Reading on a phone is so convenient

I actually prefer my phone for reading over paper books and also over tablets/iPads or eBook readers. Why? Because it’s small enough to hold with one hand, (leaving the other hand free for that glass of wine) and light enough that my hand does not get tired. I can set the font size and the screen lighting/colors so that it is comfortable for my eyes whether I’m in a beach chair in the bright sun, or in bed in the middle of the night.

The main reason I like the phone app is because my phone is always with me. I’m prepared with a book to read any time I might catch a bit of time to do so. If you’re worried about how your book looks on that little screen, realize that there are a lot of adjustments available.  Check out this little video to see how it works.

Buying new books – instant gratification

It’s so easy to get a new book. Last week while on vacation, I finished the book (Mrs. Hemingway) I downloaded for the trip and started asking the other people in our group for recommendations. At least 2 people highly recommended Where the Crawdads Sing. As soon as I got back to my room I could purchase, download, and start reading that book. Imagine how many days, weeks, months, -or never- that would be if I insisted on reading paper books?!

Google Play Books

Actually, I didn’t even use the Kindle app this time. Google Play Books is very similar, and it comes on most all Android devices. Just look in the Google group of apps. As long as you have a Google Account and have attached a credit card to your account, you can purchase books. For Kindle, you need an Amazon account. 

If you have an iPhone, you can still use the Google Play Books app to read a book, but to buy a book you have to use a Web browser to go to Google Play Books. Same with Kindle on iPhone – you need to use a Web browser and go to to buy a book, then you can read it on the iOS Kindle app.

Searching and highlighting passages

One other feature I really like with books on my phone is that I can highlight passages and I can search. Those books, and those highlighted passages are accessible to me forever. This is especially useful for non-fiction books. Let’s say you got the Kindle version of my book – Mrs. Geek’s Guide to Google Photos – and you wanted to remember how to set up a group photo album. You could highlight the passage and quickly find it any time just by opening the book on your phone and searching for “albums.” Your search results would show any highlighted passages with the word “albums” first. If perchance you didn’t highlight that part, search will show you everywhere the word appears in the book and give you the context. You can then click on an item from the search results and be taken to that page in the book.

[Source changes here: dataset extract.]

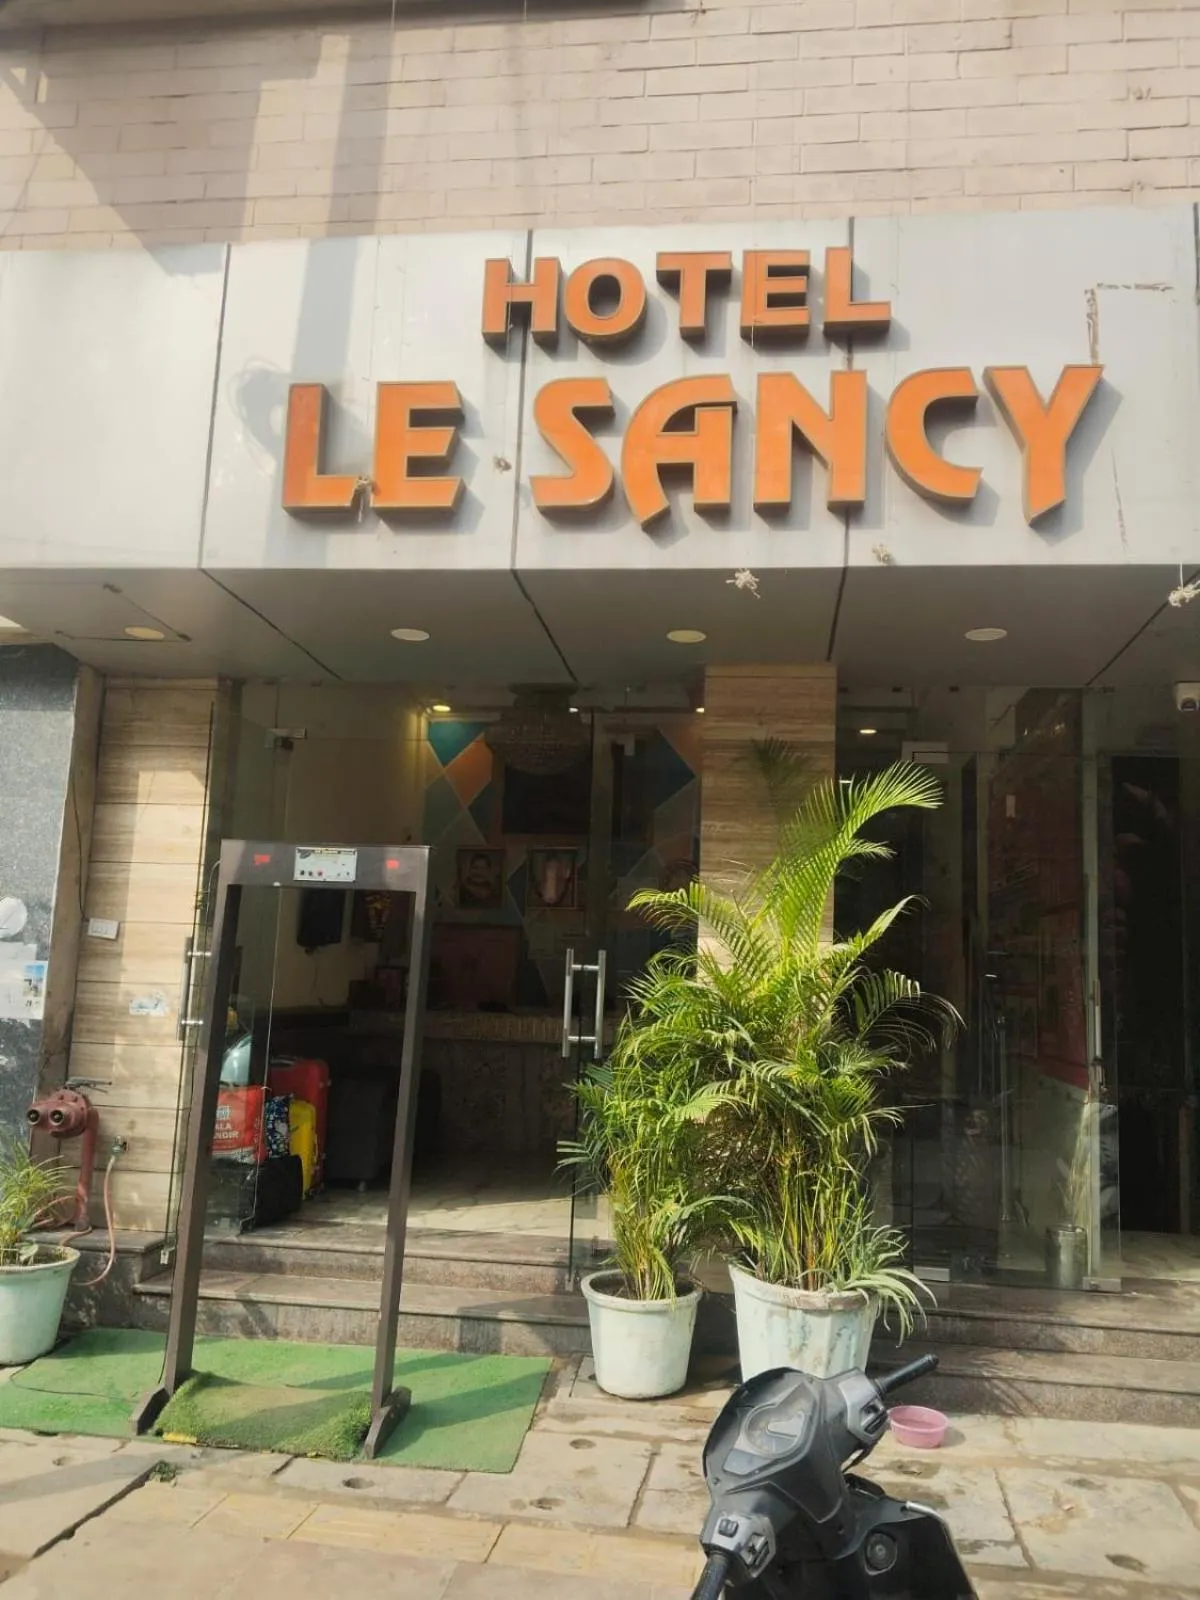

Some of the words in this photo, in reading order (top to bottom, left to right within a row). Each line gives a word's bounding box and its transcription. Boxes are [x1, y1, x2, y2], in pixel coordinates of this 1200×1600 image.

[482, 246, 891, 347] HOTEL
[282, 380, 465, 514] LE
[529, 364, 1105, 528] SANCY

Amazon Kindle vs Google Play Books

I have discovered 2 differences between Kindle and Google Play Books. #1 favors Kindle and #2 favors Google.

  1. When you buy a book using Kindle, you are prompted to add the audible book to your purchase if there is one. I often buy both the eBook and the Audible version. For some books I also have the paperback version! One way or another, I’m going to finish that book. In the Google Play Books version, the eBooks are completely separate from the Audible books. Pricing example: Homo Deus = Kindle: 14.99 + 12.99 for audible, Google Play Books: 14.99 19.95 audible.
  2. When you highlight sections of books using the Kindle app, those highlights stay with the book. With Google Play Books, your highlights are all collected in Google Drive. Very handy.

Download a sample

I was just watching TV and saw an interview of an author promoting a book. I have no idea if I’ll really like the book, but it sounds intriguing. Both Kindle and Google Play Books allow me to download a free sample. So I can read a bit and decide whether I want to buy it. I love that.

So, what are you reading? And, how are you reading it? Paperback? Tablet sized eReader? Anyone else like reading on your phone as much as I do?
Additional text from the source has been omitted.